What is Identity Management Day?
It is a day designed to educate IT decision makers and business leaders on the importance of identity management and identity-centric security best practices. The day also teaches about key components such as governance, processes and technology, plus there is a special focus on the dangers of not properly securing identities and access credentials. Last year, the Identity Defined Security Alliance (IDSA) released a report entitled “2022 Trends in Securing Digital Identities”. The report revealed that 84% of organisations experienced at least one identity-related breach. As a result, a further 78% of these organisations suffered a direct business impact in the shape of high recovery costs, damages to business reputation and more.
Cyber-criminals can use any account or identity to gain a digital attack path. Whether posing as a customer, a vendor or as an internal employee, they can cause severe damage. This is why organisations need to be able to protect the identities of their users and the systems managing them. Identity security can help with this, and is effectively the process of detecting credential theft, the misuse of privileges and other methods that can create attack paths.
By adopting Identity Attack Surface Management (ID-ASM) and Identity Threat Detection and Response (ITDR) tools, organisations can address weaknesses in credentials and entitlement. They can detect live threats and prevent exposures such as credentials stored on endpoints, which enable cyber-criminals to extract information or conduct attacks in cloud environments.
Identity Threat Detection and Response is a relatively new detection solution in the identity security landscape. ITDR introduced a new category of security tools which look for attacks targeting identities. Once such an attack has been detected, a layer of defence is added in the shape of fake data designed to redirect attackers to a decoy. ITDR solutions also collect forensic data and gather telemetry on the processes used during an attack.
Tips on how to adopt an identity-centric security approach
- Be forward-thinking rather than reactive
- Recognise that identity links users, devices and cloud applications
- Make identity and access management critical aspects of your overall security strategy
- Identify, define and examine ALL identity types…

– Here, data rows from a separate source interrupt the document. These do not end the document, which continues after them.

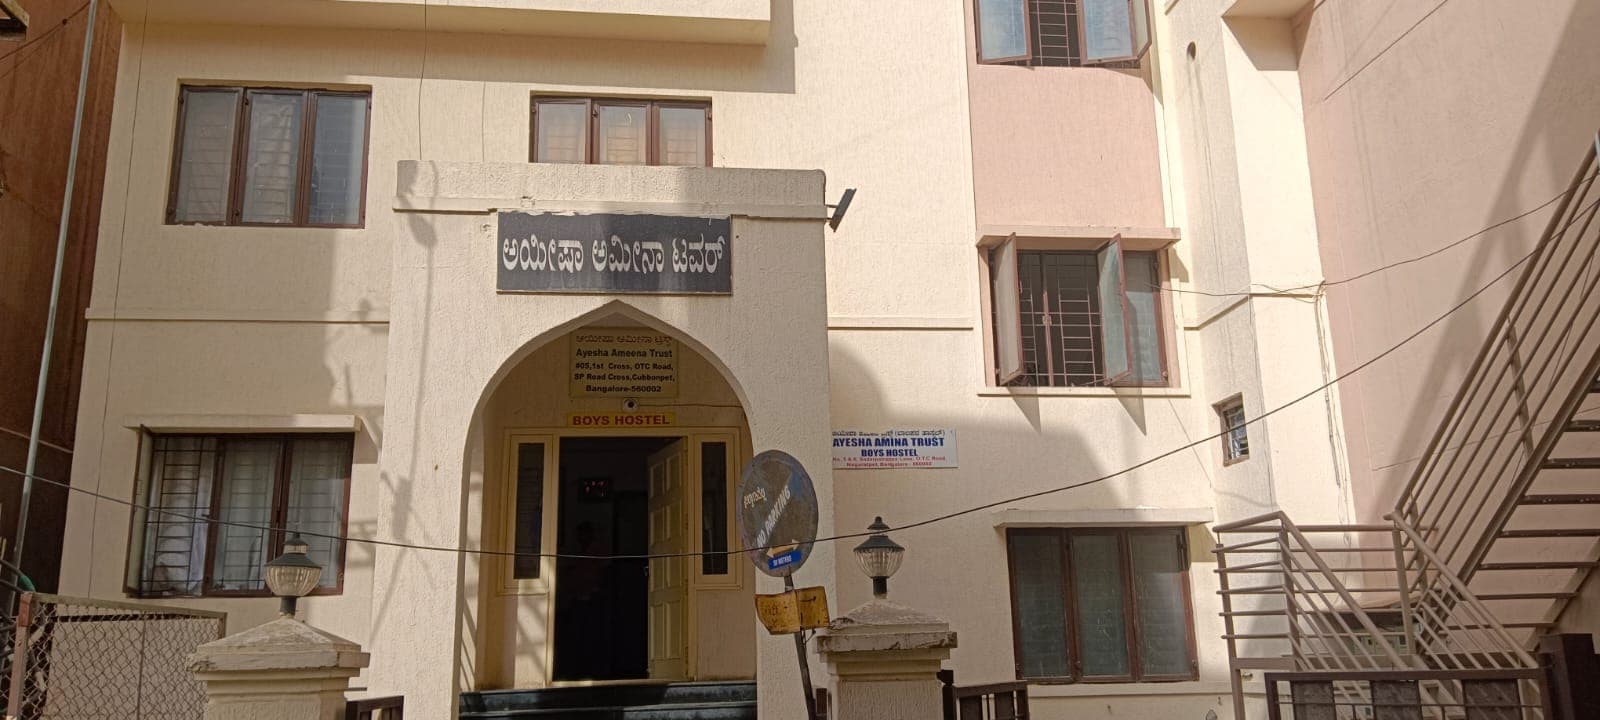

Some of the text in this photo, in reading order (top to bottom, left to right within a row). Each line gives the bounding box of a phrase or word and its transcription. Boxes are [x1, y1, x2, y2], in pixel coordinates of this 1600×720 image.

[502, 233, 726, 274] ಅಯೀಷಾ ಅಮೀನಾ ಟವರ್
[576, 348, 673, 358] Ayesha Ameena Trust
[575, 362, 604, 370] #05,1st
[608, 363, 633, 371] Cross,
[653, 363, 674, 371] Road,
[572, 415, 670, 425] BOYS HOSTEL
[832, 437, 944, 447] AYESHA AMINA TRUST
[861, 448, 919, 457] BOYS HOSTEL
[765, 485, 791, 536] PARKING
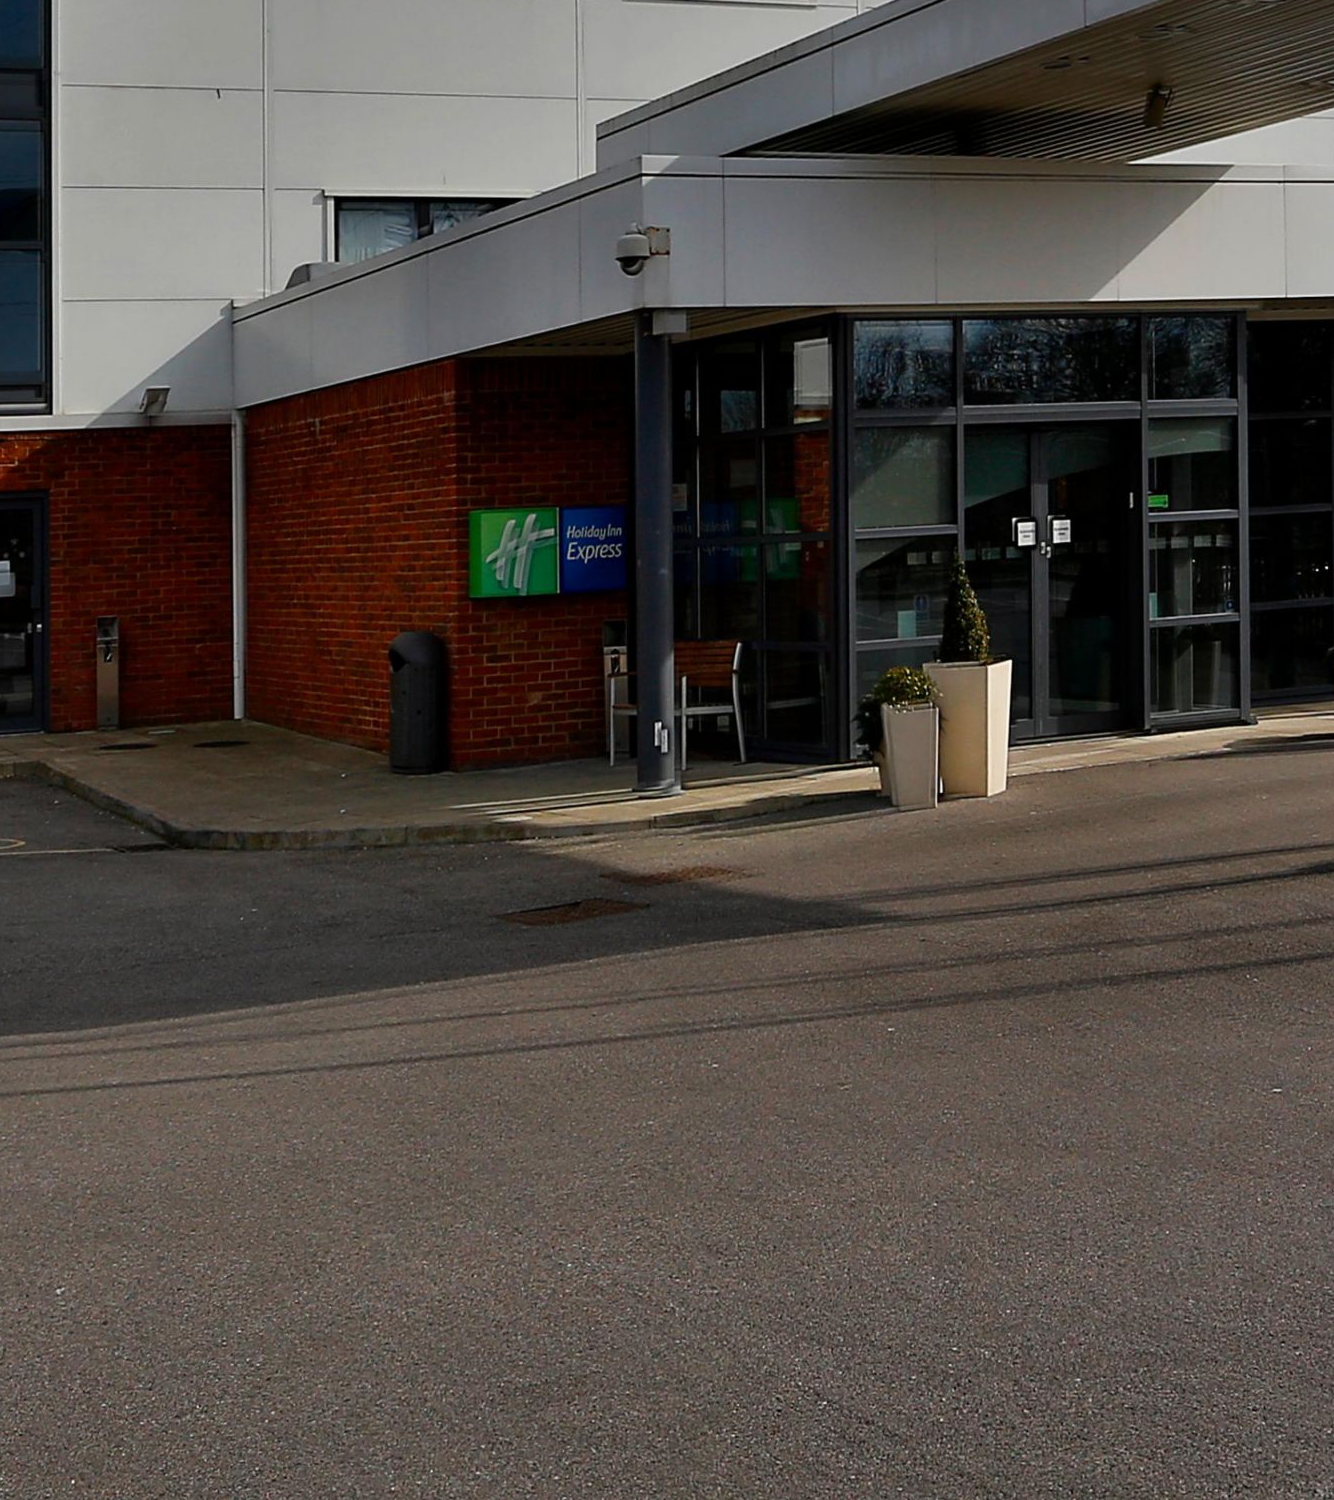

- Then define all vulnerabilities and risks for these types
- Examine your existing security strategy to find gaps associated with these risks
- Plan how you will address the gaps and then make a start
- Ensure that ALL employees are aware of your strategy and know what part they play within it
Did you do anything to mark Identity Management Day 2023? Or were you unaware of its existence until now? Does your organisation place strong emphasis on identity within its cyber security efforts?